This section talks about what function level profiling is doing, and why it is cool. If you don't care or know all of it already, feel free to skip it, the more instructional stuff is in the next section.

In case you aren't familiar with the concept, gcc and g++ offer this great feature where they insert a call to a specialy designated function on every function call, and also insert a call to another special function on every function return. It gives both functions the address of the called function, as well as the place its being called from.

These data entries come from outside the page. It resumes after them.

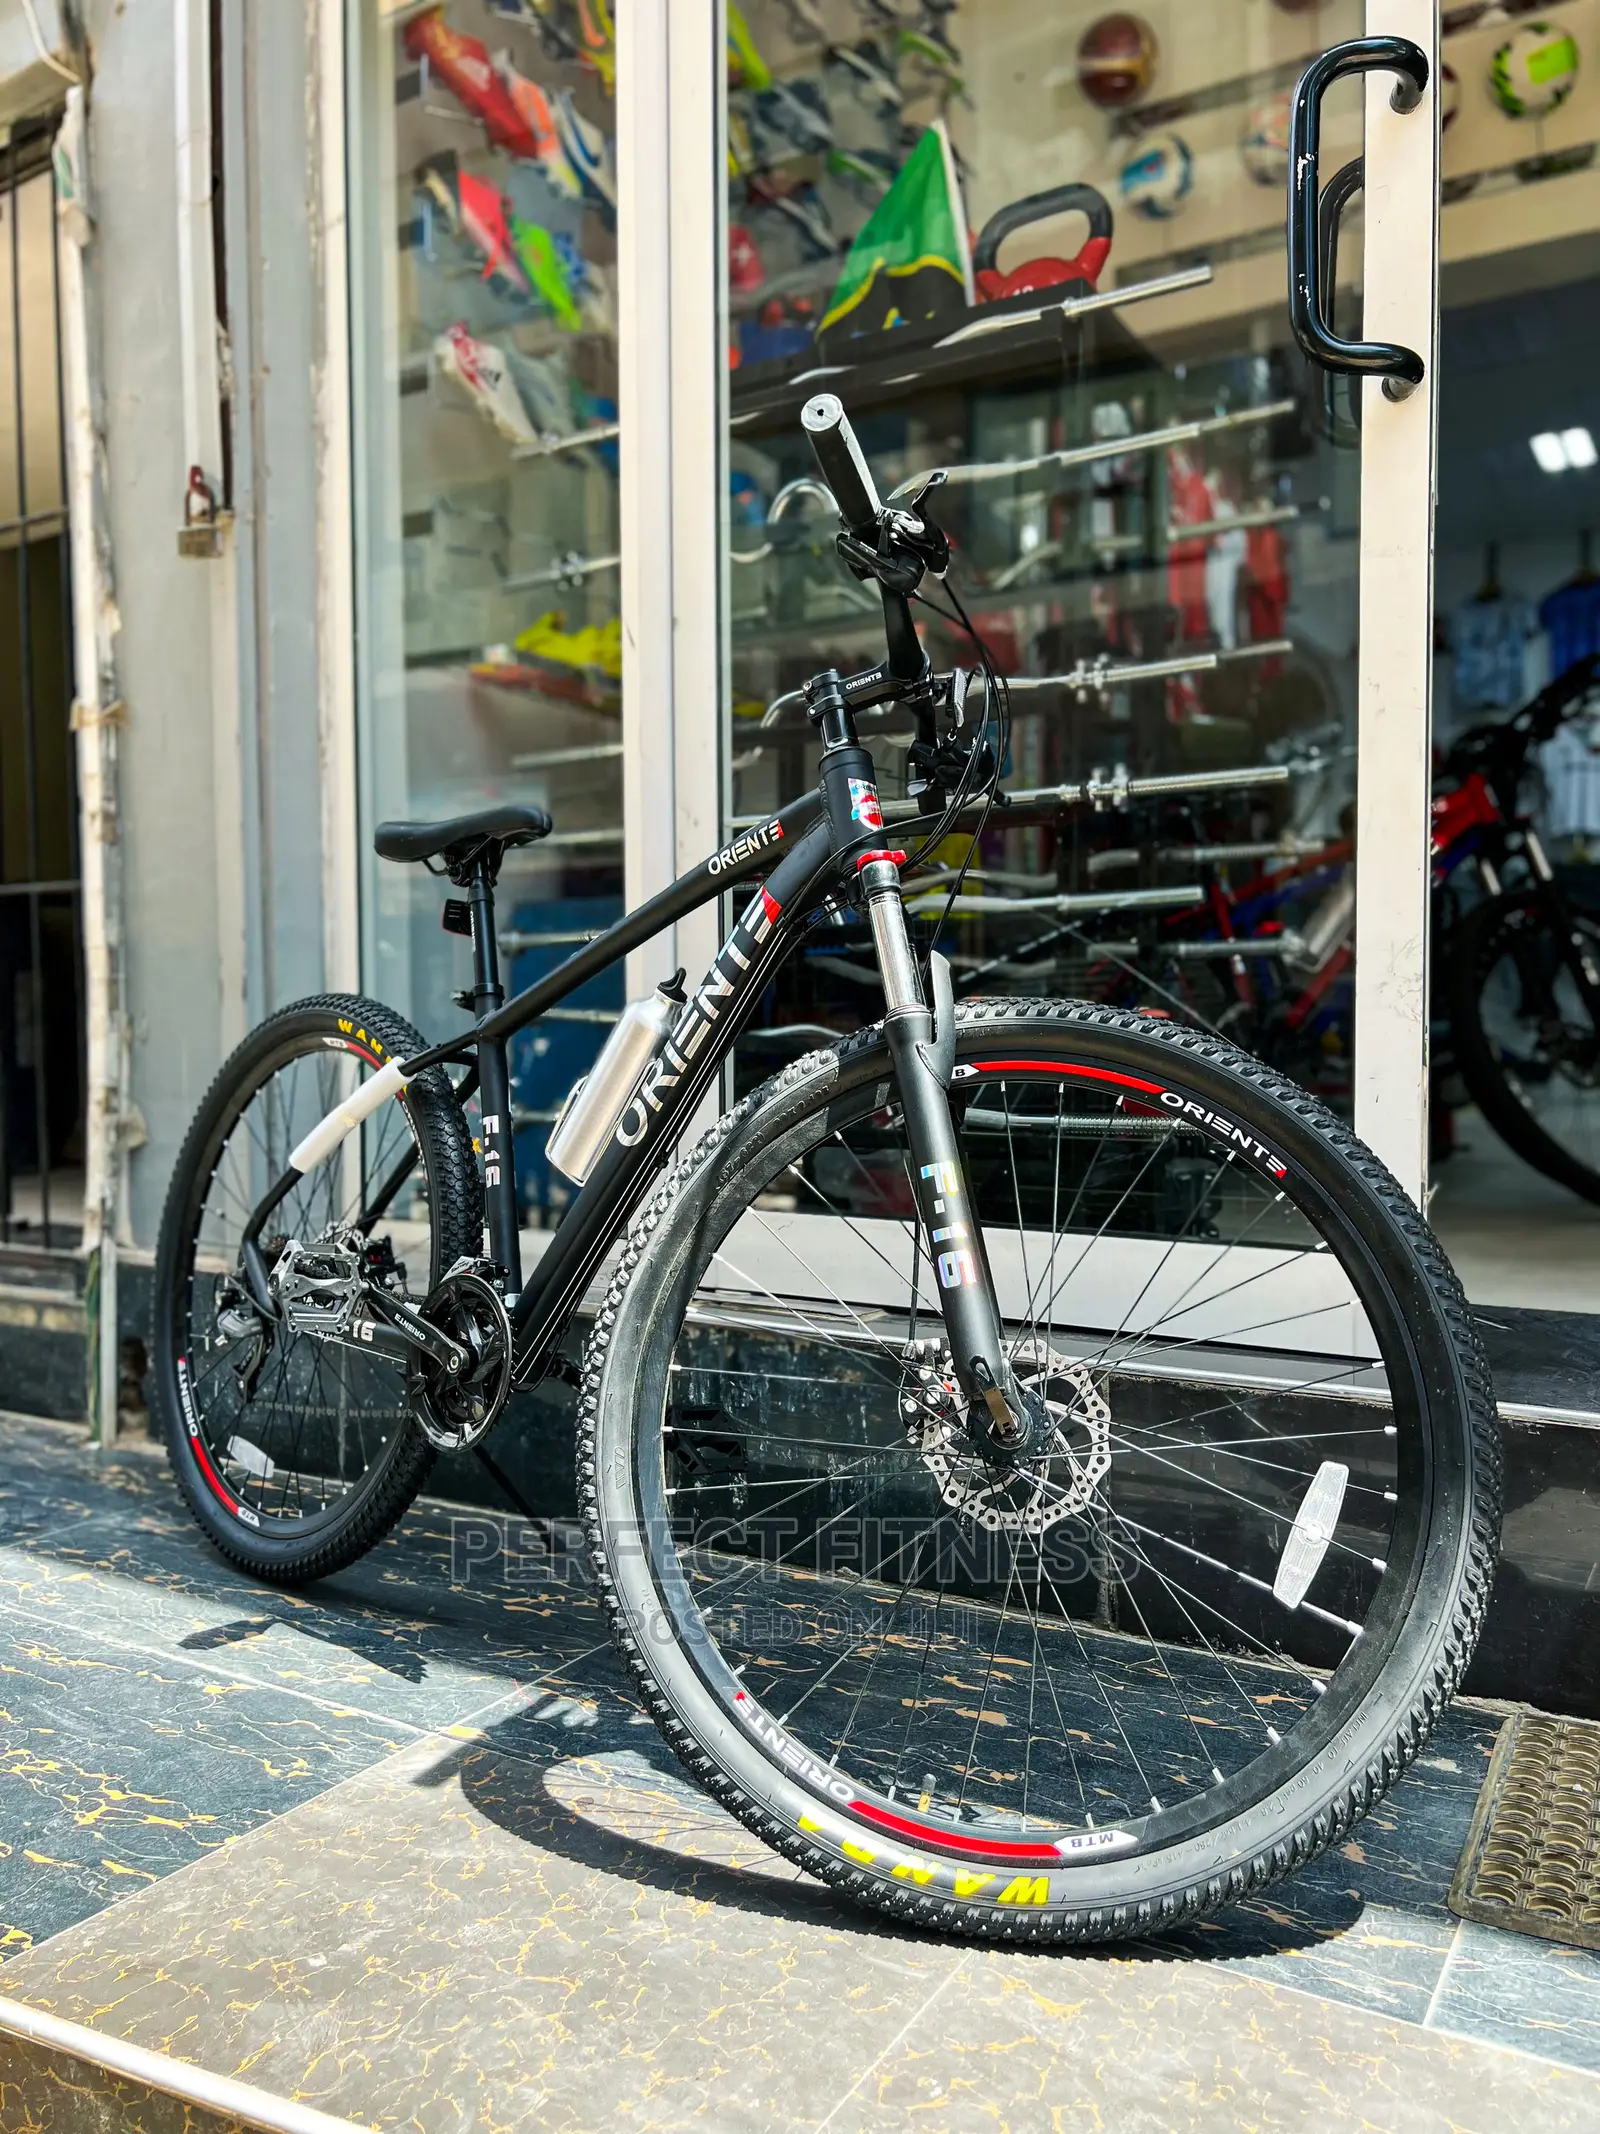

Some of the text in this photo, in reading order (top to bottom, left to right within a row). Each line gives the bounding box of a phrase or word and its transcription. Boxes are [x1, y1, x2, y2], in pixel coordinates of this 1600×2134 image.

[708, 819, 785, 876] ORIENTE
[616, 886, 782, 1147] ORIENTE
[1160, 1092, 1288, 1179] ORIENTE
[344, 1319, 377, 1342] -16
[394, 1313, 426, 1341] ORIENTE
[733, 1690, 855, 1801] ORIENTE
[1070, 1832, 1114, 1848] MTB

So lets say we have a simple program

void c(){ /* something */}
void b(){ c(); }
void a(){ b(); c();}
int void main(int c, char* args){
a();
}
If we just ran this program, execution would go something like:

  • main()
  • a()
  • b()
  • c()
  • c returns
  • b returns
  • c()
  • c returns
  • a returns
  • main returns
And now, although this program runs instantly, we want to figure out how much time the code spends in each function. With the ability to insert functions before and after function calls, we can have the special entry function grab the time on entry, record it, and when the exit function is called, figure out what the difference is; and then we have the amount of time that function ran. So With special _entry(void* calledFunction) and _exit(void* calledFunction) functions defined and enabled for our program; the execution goes something like:
  • main()
  • _entry(*a())
  • a()
  • _entry(*b())
  • b()
  • _entry(*c())
  • c()
  • c returns
  • _exit(*c())
  • b returns
  • _exit(*b())
  • _entry(*c())
  • c()
  • c returns
  • _exit(*c())
  • a returns
  • _exit(*a())
  • main returns
We won't be too concerned here with the implementation of these functions -- we provide files later that handle this for us(note: if you want to do this in non-arm processors, use the -pg flag). It is worth noting a couple of things though. Primarily, as this is a debug tool, the amount of overhead this adds is very signifigant. It is possible for memory to be an issue; the special functions need to maintain some form of stack of called functions so it can keep the entry data for functions that call other functions. However, most likely you will notice that the profiler adds alot of time to your program, and the flags for it should only be enabled when its needed.

On a more technical note; in general, you can only rely on this kind of profiling so much. There are many places online detailing why; but given the simplicity of the DS (ie, no cacheing to worry about), most don't apply here (note: If you can think of a way this kind of profiling can lead one astray on the DS, please comment :)).

How to profile on the DS

So download these three files: cyg-profile.c, cyg-profile.h, and resolve.pl(That last one is just 'resolve' on the server. Change it to 'resolve.pl'). You should add the c file and the h file to your project. Make sure though, if the rest of your project is C++ to '#define __cplusplus' before you include the h file.

This code won't actually profile everything; it will rely on you enabling the profiler within your code. This allows you to focus on profiling only where you know the slowdown to be. If you want to profile everything of course, just do it right off :).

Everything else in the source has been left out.